Posted March 8, 2017

The evolution of globin gene domain 3-D organization exhibits a tendency to the formation of globular structures. Embryonic and adult globin genes are designated with light grey and dark grey circles, respectively. The major regulatory element (MRE) of the Danio rerio major globin gene locus and α-globin gene domains of warm-blooded vertebrates is designated with red hexagon. The locus control region (LCR) of the β-globin gene domains of warm-blooded vertebrates is designated with a set of red rectangles. Experimentally validated insulators and putative ones are designated with dark blue ellipses and light blue ellipses, respectively. The spatial configuration of the mouse α-globin gene domain and the interaction frequency between the insulators in the chicken α-globin gene domain in embryonic erythroid cells before globin expression switching are currently unknown.

It seems like a feat of magic. Human DNA, if stretched out into one, long spaghetti-like strand, would measure 2 meters (six feet) long. And yet, all of our DNA is compacted more than 10,000 times to fit inside a single cell. How is this accomplished while preserving the overall, vital genomic organization?

With new techniques, scientists are beginning to understand the principles of 3D genome folding.

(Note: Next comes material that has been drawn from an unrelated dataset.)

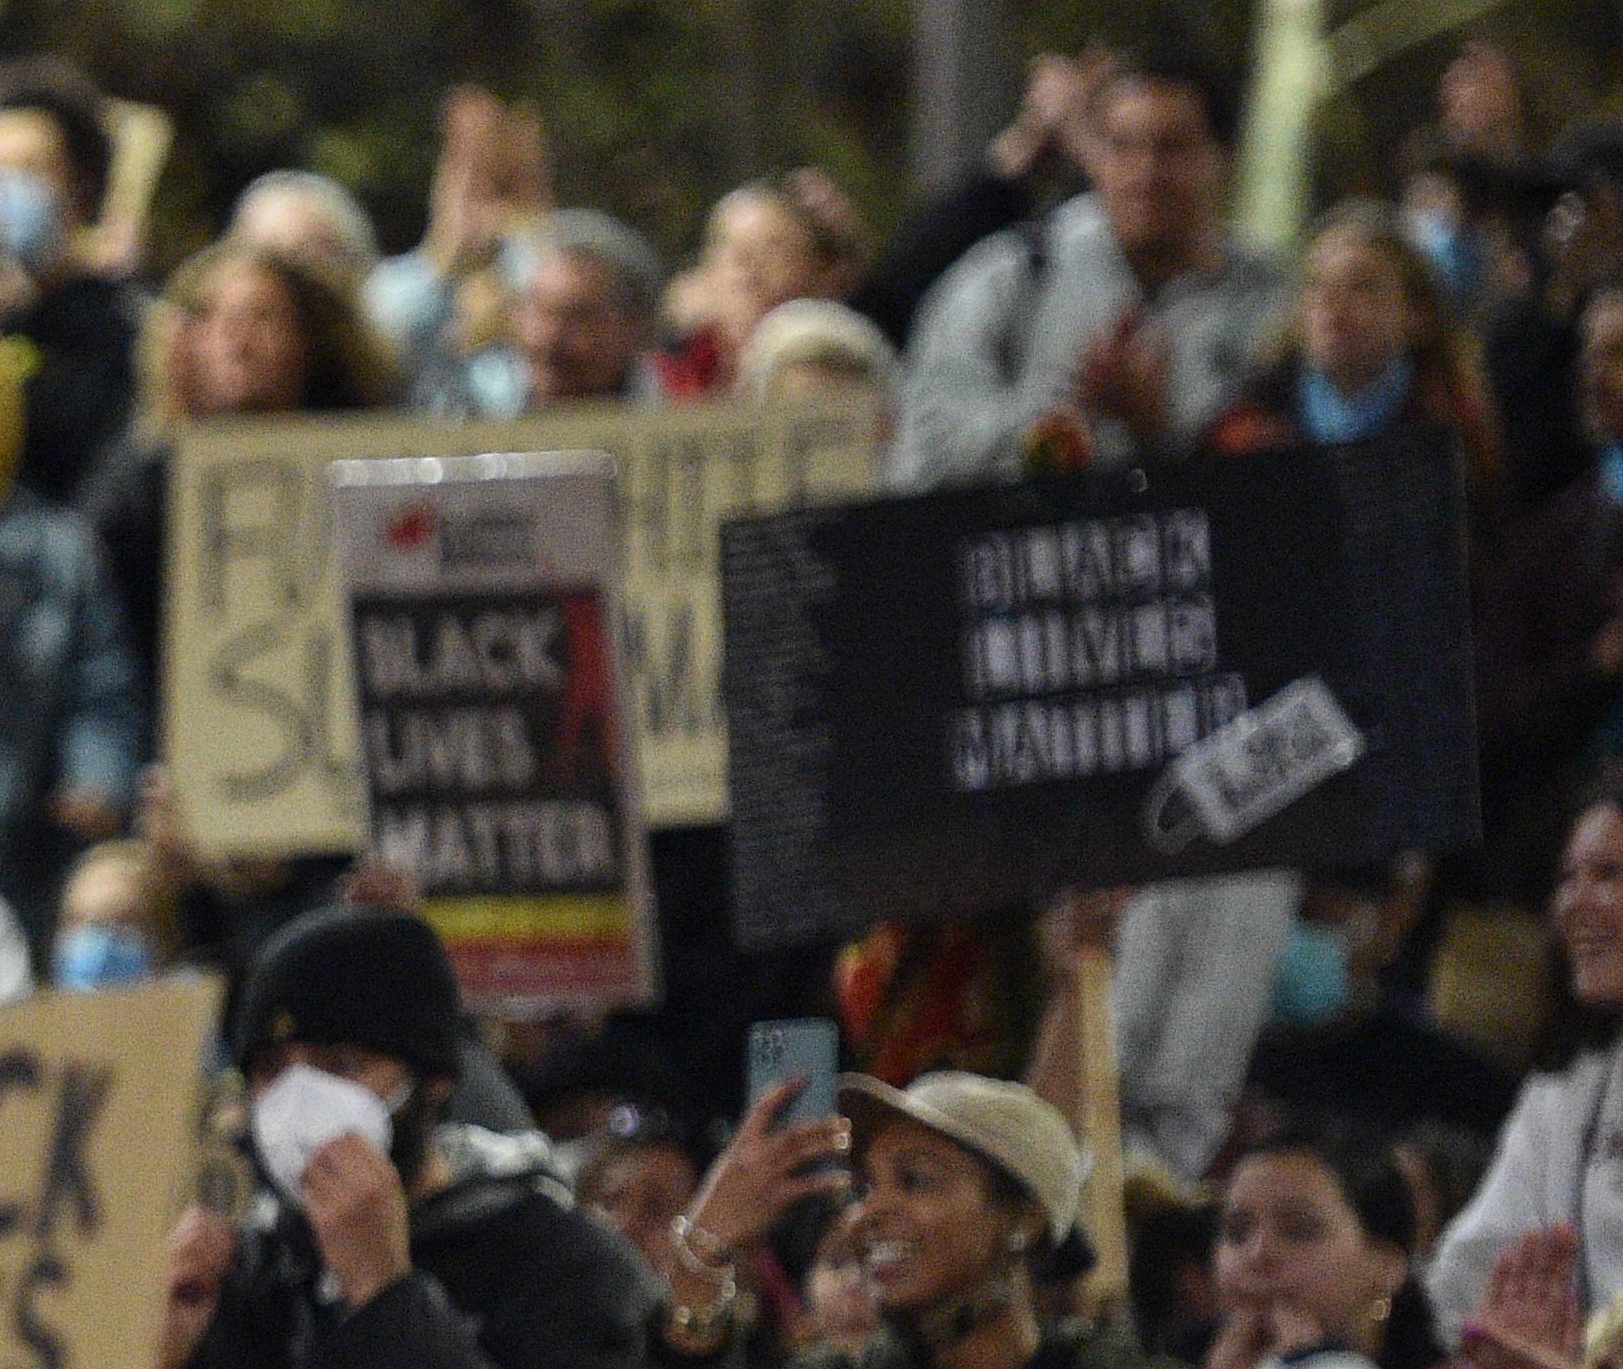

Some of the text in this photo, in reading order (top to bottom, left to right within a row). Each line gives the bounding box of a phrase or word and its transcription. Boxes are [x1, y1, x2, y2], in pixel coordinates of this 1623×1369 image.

And in one of the studies of its kind, Anastasia Kovina, Sergey Razin a et al. have examined the well-studied globin gene cluster to understand the evolution of genome folding behind a vital process, delivering oxygen throughout the body.

Their study sheds light on the genomic evolutionary process that resulted in segregation of the alpha and beta-globin genes into two differently regulated domains in warm-blooded vertebrates. “We suggest that globin gene domains of some modern, cold-blooded animals retain certain features of an ancient, ancestral domain,” said corresponding author Sergey Razin.

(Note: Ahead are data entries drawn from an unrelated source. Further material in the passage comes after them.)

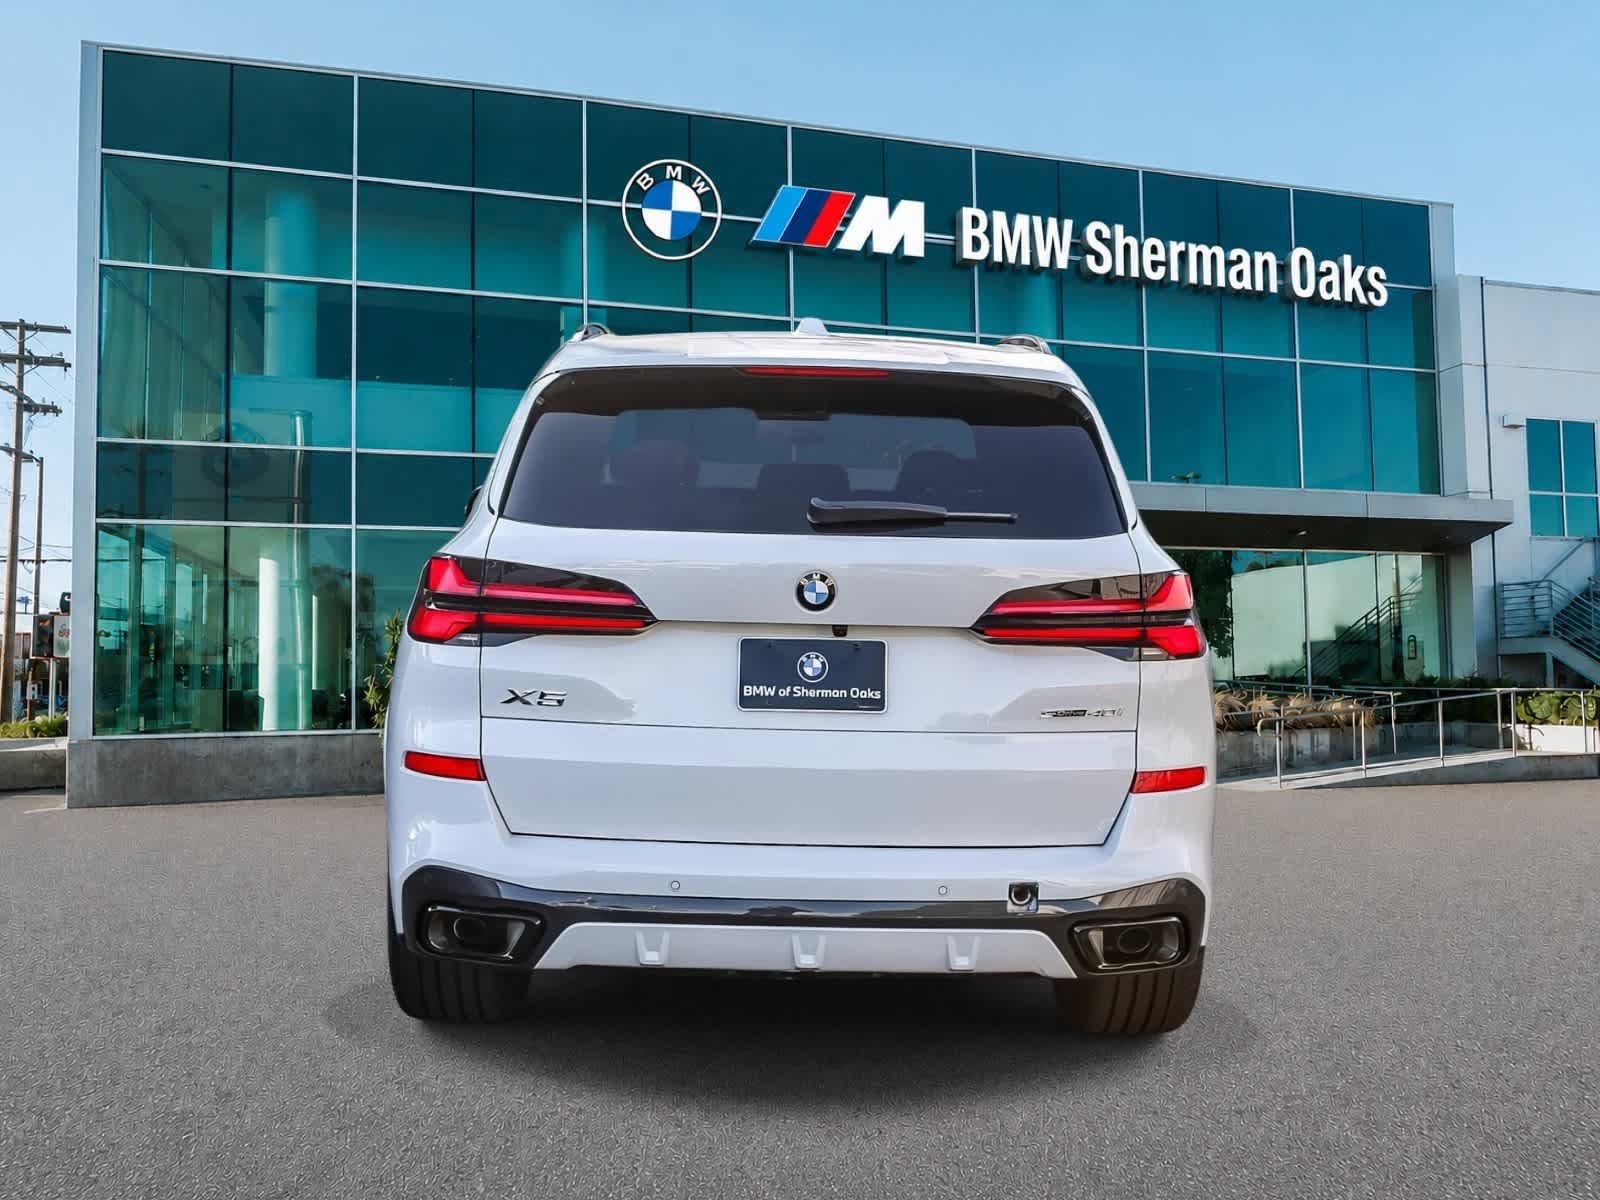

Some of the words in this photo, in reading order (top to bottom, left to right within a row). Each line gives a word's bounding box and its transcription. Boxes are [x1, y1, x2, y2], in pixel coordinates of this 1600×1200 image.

[636, 164, 711, 195] BMW
[834, 195, 925, 258] M
[960, 206, 1073, 270] BMW
[1084, 220, 1278, 294] Sherman
[1288, 247, 1389, 308] Oaks
[499, 688, 568, 707] X5
[743, 685, 776, 697] BMW
[779, 686, 791, 697] of
[792, 686, 847, 698] Sherman
[850, 687, 881, 699] Oaks

By investigating globin genes in the zebrafish model organism, their evidence points toward their suggestion that modern clusters of α- and β-globin genes of warm-blooded animals evolved from an ancestral locus, contained within a globular genomic cluster that was located close to other evolutionary conserved genes.

They found that evidence of a dynamic genomic organization of globin gene cluster that differs depending on the developmental age of the zebrafish. Using different assays, they have shown that the adult globin sub-compartment of the zebrafish gene locus is insulated from the embryonic larval component.

“We have found that the major globin gene locus of zebrafish (Danio rerio) is structurally and functionally segregated into two spatially distinct subloci harboring either adult or embryo-larval globin genes,” said Razin. “These subloci demonstrate different organization at the level of chromatin domains and different modes of spatial organization, which appears to be due to selective interaction of the upstream gene enhancer with the sublocus harboring globin genes of the adult type.”

This organization drastically differs from that of the mammalian α- and β-globin gene domains, where both embryo-fetal and adult globin genes are recruited to the same regulatory elements in a developmental and stage-specific process.

The finding of a functional separation of adult and embryo globin genes reflected in the 3D genomic organization chromatin will provide an important contribution to the field and interesting evolutionary perspective to how gene clusters are organized and expressed.